* **Task brief**: Write out the whole listing below exactly, skipping each picture.

* **Data shown**:

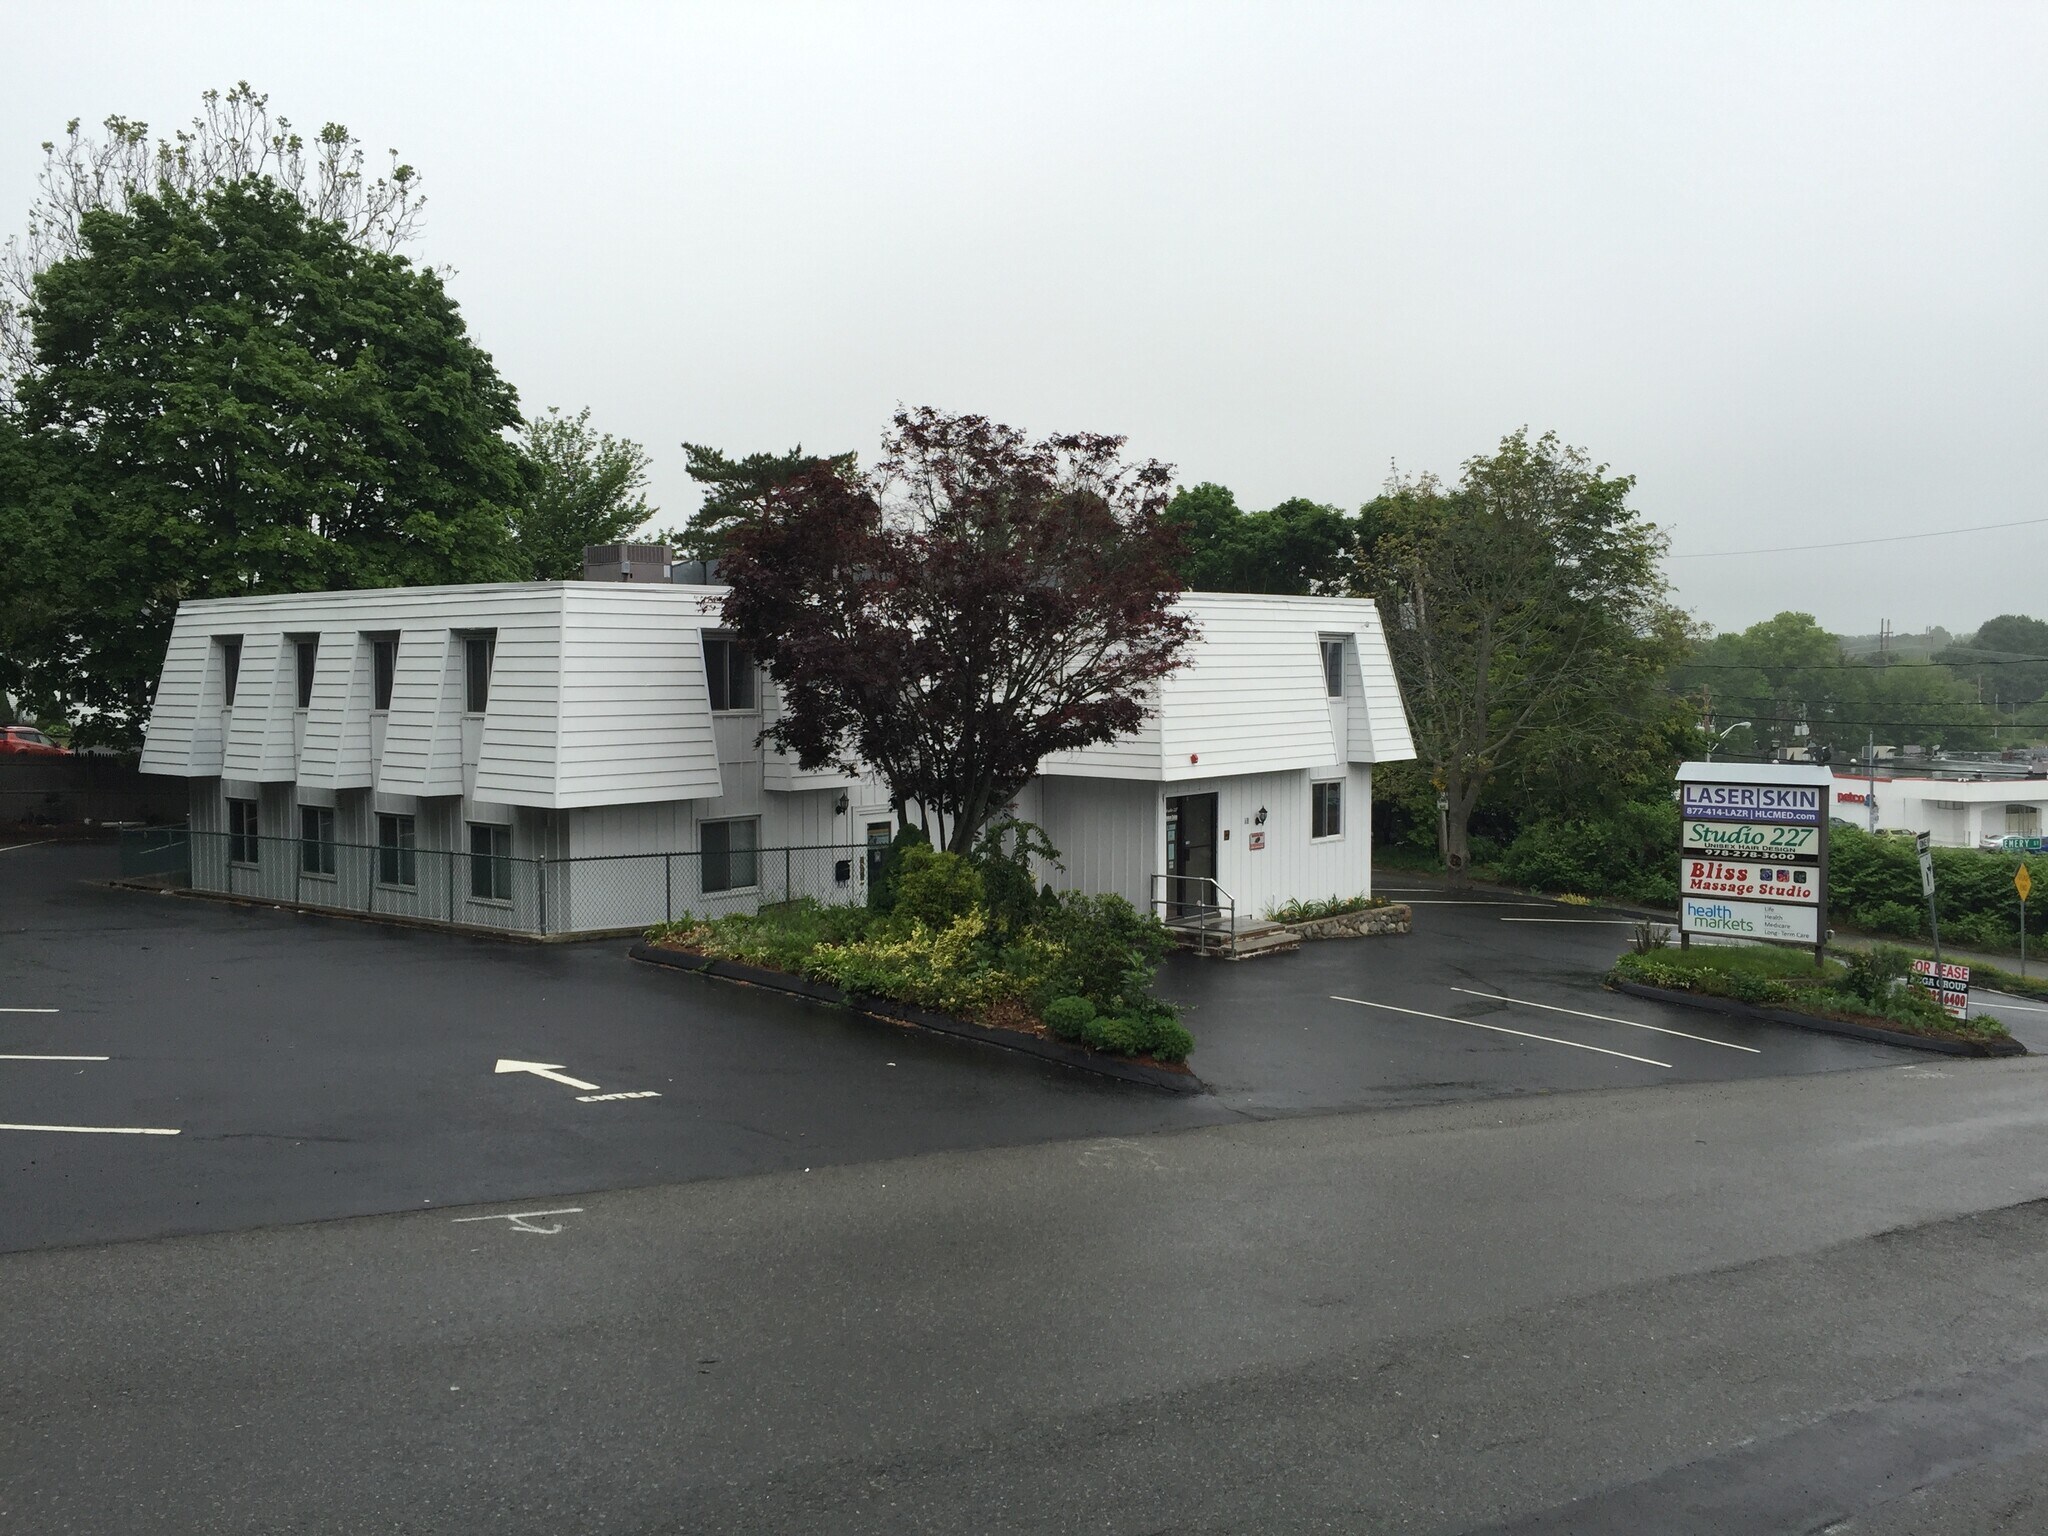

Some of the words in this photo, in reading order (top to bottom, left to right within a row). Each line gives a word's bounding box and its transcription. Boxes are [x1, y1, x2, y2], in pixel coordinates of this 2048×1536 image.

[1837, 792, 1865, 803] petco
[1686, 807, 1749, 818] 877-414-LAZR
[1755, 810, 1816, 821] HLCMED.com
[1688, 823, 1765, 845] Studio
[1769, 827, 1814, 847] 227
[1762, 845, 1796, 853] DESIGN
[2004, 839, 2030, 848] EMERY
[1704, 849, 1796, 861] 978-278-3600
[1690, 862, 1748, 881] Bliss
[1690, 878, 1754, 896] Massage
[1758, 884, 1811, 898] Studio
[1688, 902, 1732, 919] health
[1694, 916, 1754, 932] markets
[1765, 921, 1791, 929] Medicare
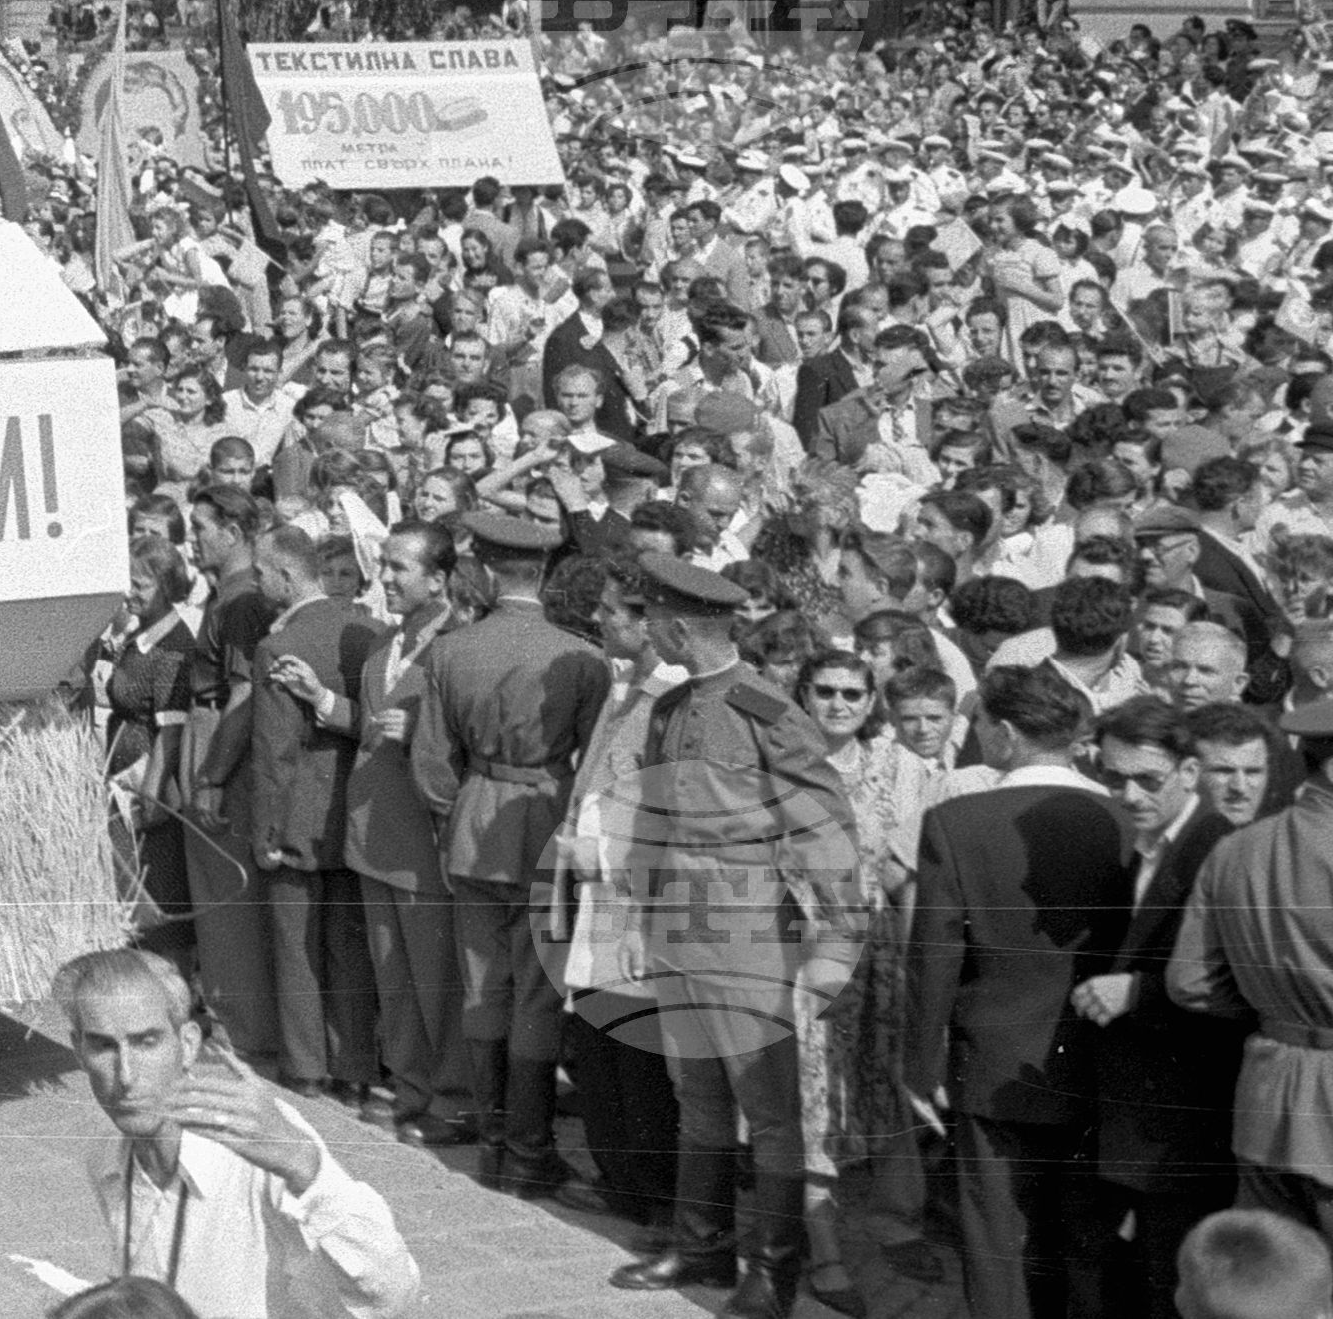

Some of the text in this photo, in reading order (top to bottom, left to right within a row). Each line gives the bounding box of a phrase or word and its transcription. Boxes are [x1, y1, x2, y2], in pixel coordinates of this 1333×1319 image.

* **Answer**:
Some of the words in this photo, in reading order (top to bottom, left to right within a row). Each line gives a word's bounding box and its transcription. Boxes are [x1, y1, x2, y2], in pixel coordinates of this 2048×1536 image.

[1837, 792, 1865, 803] petco
[1686, 807, 1749, 818] 877-414-LAZR
[1755, 810, 1816, 821] HLCMED.com
[1688, 823, 1765, 845] Studio
[1769, 827, 1814, 847] 227
[1762, 845, 1796, 853] DESIGN
[2004, 839, 2030, 848] EMERY
[1704, 849, 1796, 861] 978-278-3600
[1690, 862, 1748, 881] Bliss
[1690, 878, 1754, 896] Massage
[1758, 884, 1811, 898] Studio
[1688, 902, 1732, 919] health
[1694, 916, 1754, 932] markets
[1765, 921, 1791, 929] Medicare

Some of the text in this photo, in reading order (top to bottom, left to right within a row). Each line gives the bounding box of a phrase or word and its transcription. Boxes are [x1, y1, x2, y2], in pixel coordinates of this 1333×1319 image.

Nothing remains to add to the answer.